**EXERCISE DATA**
# # # #
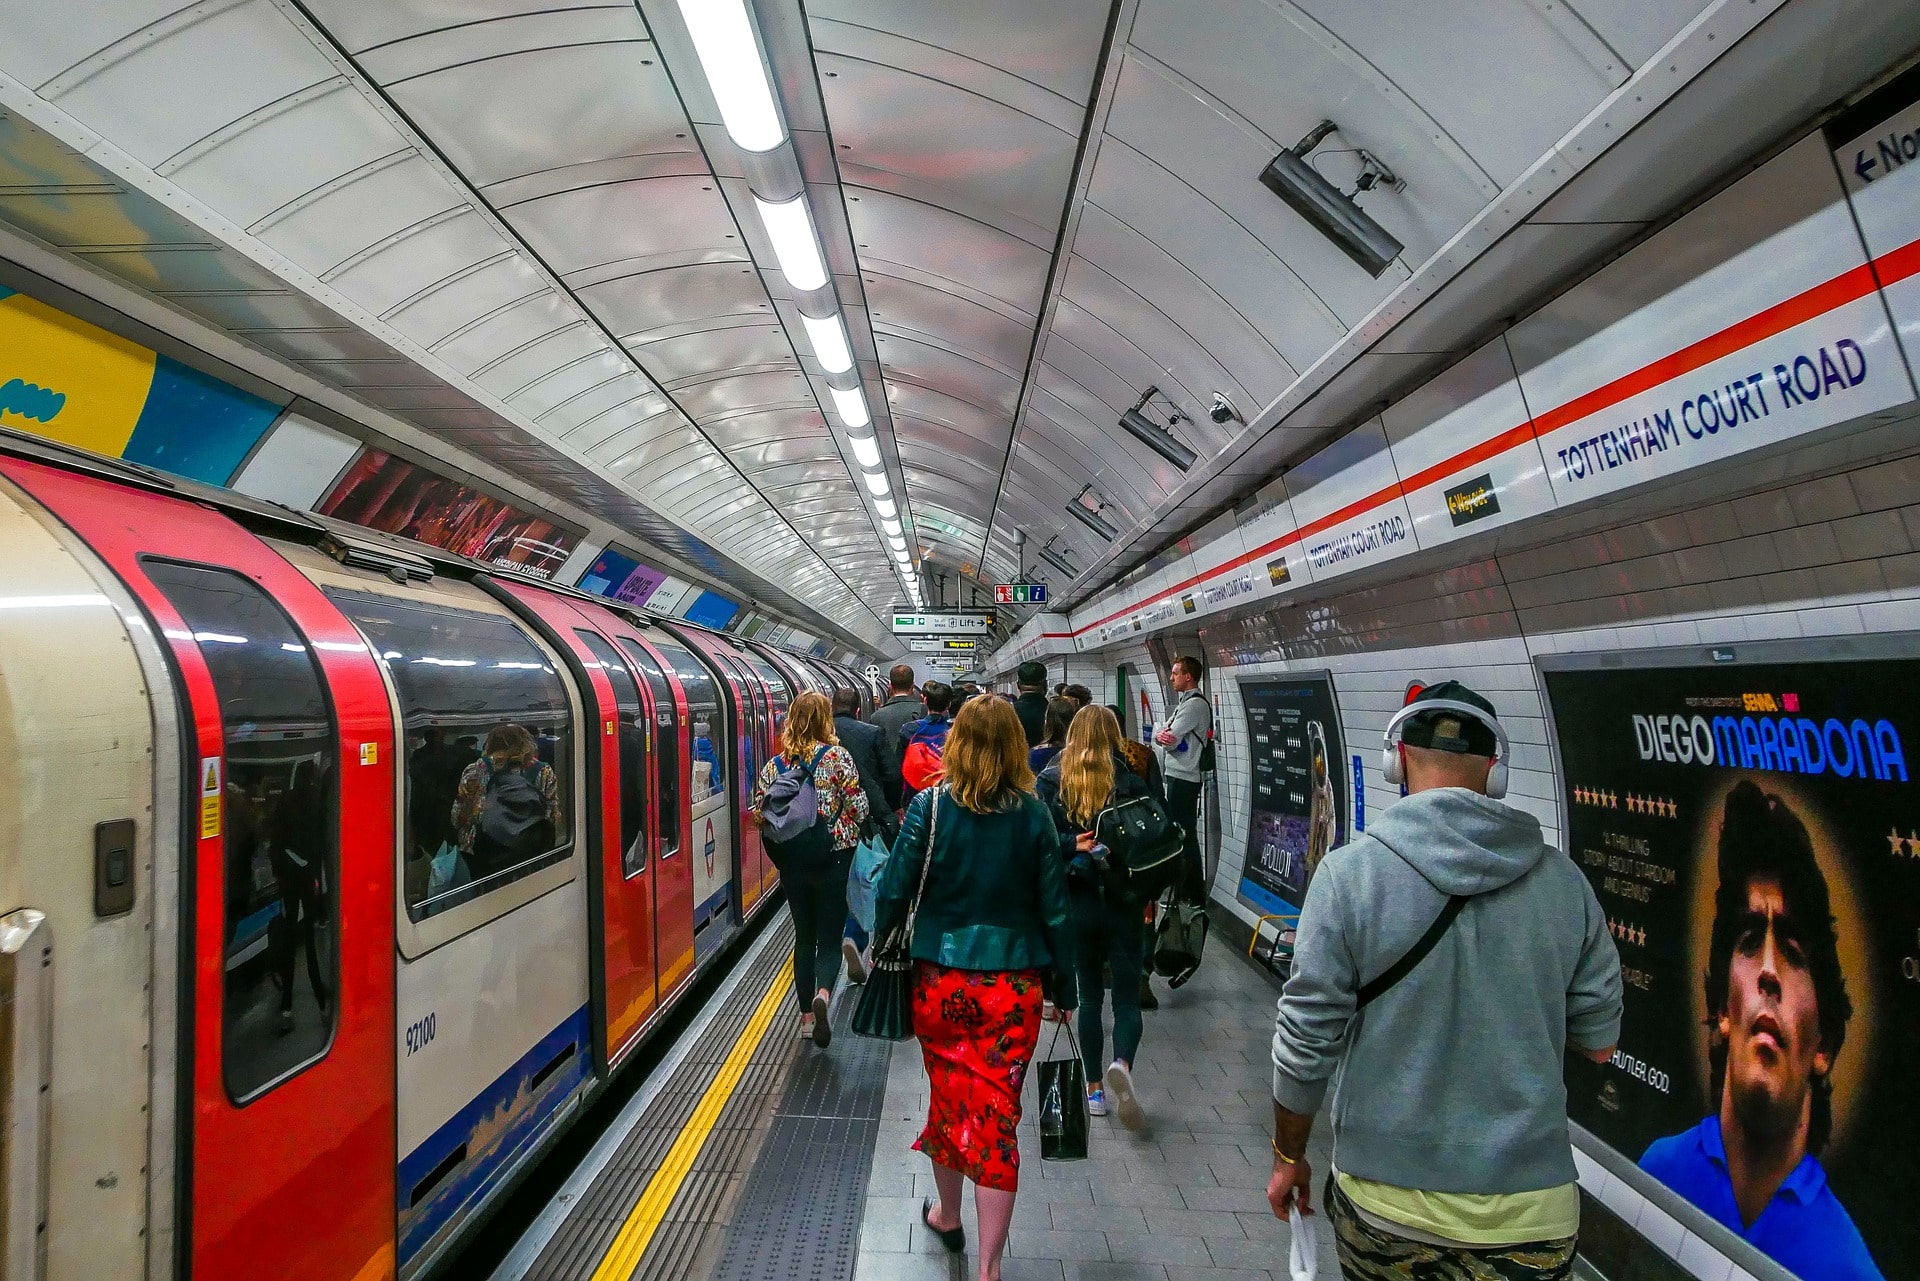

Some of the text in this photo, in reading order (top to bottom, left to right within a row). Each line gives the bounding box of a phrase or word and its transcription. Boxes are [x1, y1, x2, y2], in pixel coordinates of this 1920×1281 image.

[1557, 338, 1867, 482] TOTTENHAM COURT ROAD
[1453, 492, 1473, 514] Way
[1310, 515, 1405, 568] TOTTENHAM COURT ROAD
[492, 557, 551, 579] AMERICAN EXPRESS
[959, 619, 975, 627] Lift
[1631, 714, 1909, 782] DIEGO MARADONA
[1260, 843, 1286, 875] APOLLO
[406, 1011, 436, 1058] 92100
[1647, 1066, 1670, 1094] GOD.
# # # #
**ASSIGNMENT**
A picture-free version of all the records, repeated exactly, is what to return.

**ANSWER TO THIS PROBLEM**
Some of the text in this photo, in reading order (top to bottom, left to right within a row). Each line gives the bounding box of a phrase or word and its transcription. Boxes are [x1, y1, x2, y2], in pixel coordinates of this 1920×1281 image.

[1557, 338, 1867, 482] TOTTENHAM COURT ROAD
[1453, 492, 1473, 514] Way
[1310, 515, 1405, 568] TOTTENHAM COURT ROAD
[492, 557, 551, 579] AMERICAN EXPRESS
[959, 619, 975, 627] Lift
[1631, 714, 1909, 782] DIEGO MARADONA
[1260, 843, 1286, 875] APOLLO
[406, 1011, 436, 1058] 92100
[1647, 1066, 1670, 1094] GOD.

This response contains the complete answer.